## What is expected
Exact repetition, pictures omitted: give every record below again.

========

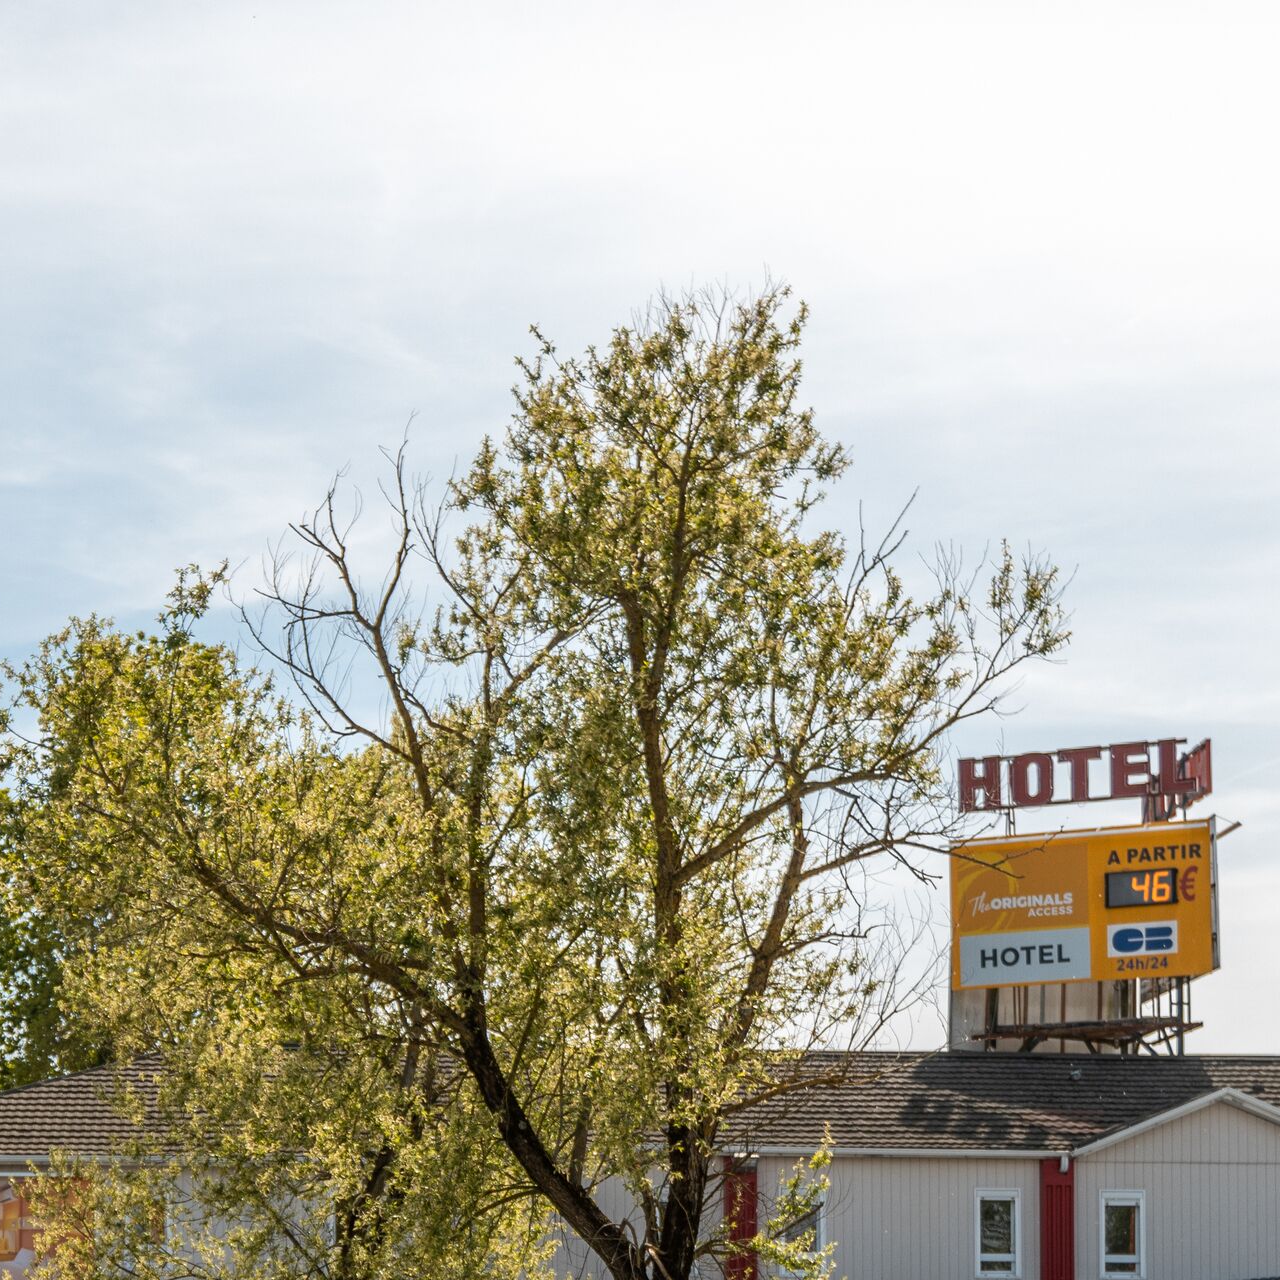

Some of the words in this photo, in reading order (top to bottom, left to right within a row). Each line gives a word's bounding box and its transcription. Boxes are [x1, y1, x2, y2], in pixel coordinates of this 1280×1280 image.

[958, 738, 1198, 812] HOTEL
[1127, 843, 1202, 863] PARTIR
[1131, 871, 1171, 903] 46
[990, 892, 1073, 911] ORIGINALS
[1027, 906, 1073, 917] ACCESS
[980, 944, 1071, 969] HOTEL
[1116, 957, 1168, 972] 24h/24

========

## Solution for this exercise
Some of the words in this photo, in reading order (top to bottom, left to right within a row). Each line gives a word's bounding box and its transcription. Boxes are [x1, y1, x2, y2], in pixel coordinates of this 1280×1280 image.

[958, 738, 1198, 812] HOTEL
[1127, 843, 1202, 863] PARTIR
[1131, 871, 1171, 903] 46
[990, 892, 1073, 911] ORIGINALS
[1027, 906, 1073, 917] ACCESS
[980, 944, 1071, 969] HOTEL
[1116, 957, 1168, 972] 24h/24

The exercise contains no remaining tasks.